We have to prioritize the various migration projects defined, by conducting of a cost/benefit assessment and risk validation.

Such architecture road map has to be confirmed with the stakeholders and updated in the Architecture Definition Document. Based on this , the Implementation and Migration Plan is completed.

The Architecture Development cycle completes with this phase. Here, we document lessons learned in the process.

Implementation Governance - Phase G


In this phase, we ensure that the implementation projects conform with the Target Architecture. We ensure that the implementation projects perform appropriate Architecture Governance functions for the solution and any implementation driven architecture Change Requests.

We confirm scope and priorities for deployment with the development management. Identify the deployment resources and skills required for the implementation of the architecture. We need to guide development of solutions and deployment.

In the process, we should perform enterprise architecture compliance reviews. We should implement the various business and IT operations to enable the implementation. And once the implementation is complete, we should perform post-implementation review so that we can close the implementation phase.

Architecture Change Management - Phase H


In this phase, we ensure that the architecture lifecycle is maintained while it is updated and modified in the steady maintenance phase. We need to ensure that the Architecture Governance Framework is executed correctly. We must ensure that the Enterprise Architecture Capability that we developed, meets current requirements.
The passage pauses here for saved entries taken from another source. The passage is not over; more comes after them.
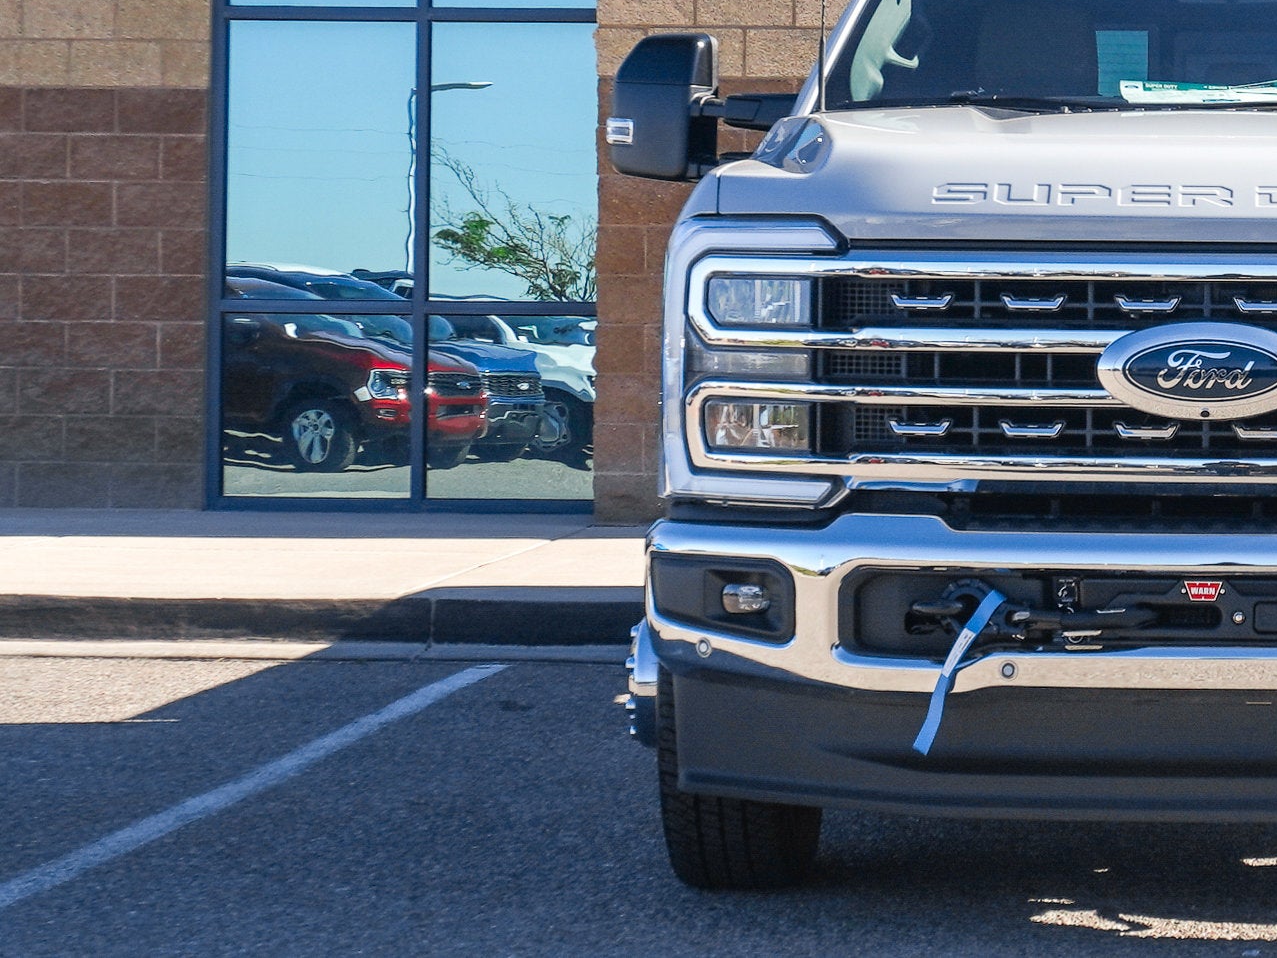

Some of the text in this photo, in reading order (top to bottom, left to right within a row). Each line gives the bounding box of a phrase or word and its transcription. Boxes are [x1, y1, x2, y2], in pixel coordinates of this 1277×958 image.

[931, 182, 1233, 208] SUPER
[1157, 349, 1255, 390] Ford
[1190, 587, 1216, 595] WARN
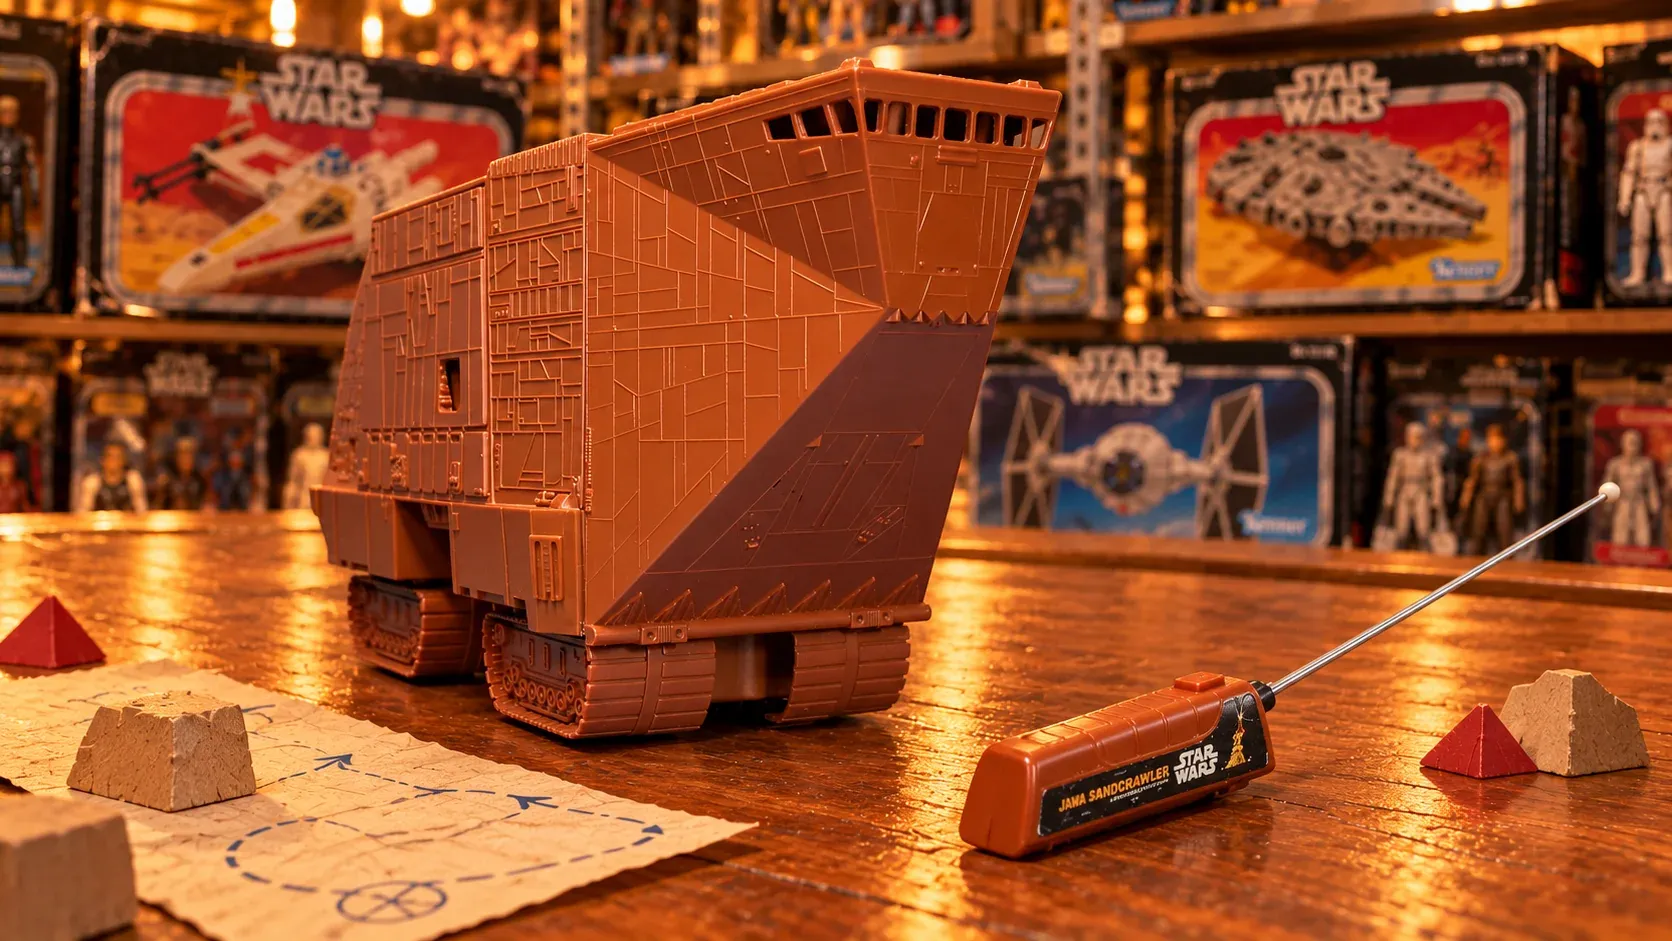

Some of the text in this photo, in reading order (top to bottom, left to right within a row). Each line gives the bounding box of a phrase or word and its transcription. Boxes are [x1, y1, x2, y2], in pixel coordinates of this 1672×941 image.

[260, 54, 381, 93] STAR
[1274, 61, 1391, 95] STAR
[260, 84, 381, 130] WARS
[1277, 88, 1391, 128] WARS
[1070, 345, 1182, 375] STAR
[1064, 373, 1182, 406] WARS
[1173, 743, 1219, 771] STAR
[1174, 757, 1219, 785] WARS
[1058, 792, 1087, 813] JAWA
[1088, 765, 1171, 803] SANDCRAWLER
In order to do this, we establish a value realization process - that tracks the steps from requirement change to deployment of architecture capability. We need to deploy the relevant monitoring tools and manage risks. We should manage the entire governance process; and activate the process for implement architecture changes.

Here, we identify and develop change requirements to meet the required performance targets, and provide analysis for architecture change management.

Requirements Management


Central to the entire ADM cycle is the requirement management. This is defined to ensure that the Requirements Management process is sustained and operates for all relevant ADM phases. Here, we manage architecture requirements identified during any execution of the ADM cycle or a phase. We ensure that relevant architecture requirements are available for use by each phase as the phase is executed.

In order to achieve this, we should Identify/document the baseline requirements. We monitor the baseline requirements to identify any changed requirements. We remove, add, modify, and re-assess priorities to these changed requirements. This also requires us to identify and resolve conflicts between requirements.

We assess individual changes by generating requirements impact statements. Based on this, we assess impact of changed requirements on current and previous ADM phases. We implement change in the current phase. We also need to assess and revise gap analysis for past phases.

Phase H is focused to managing changes - naturally produces changes in requirements. These are captured and the Architecture Requirements Repository is updated accordingly.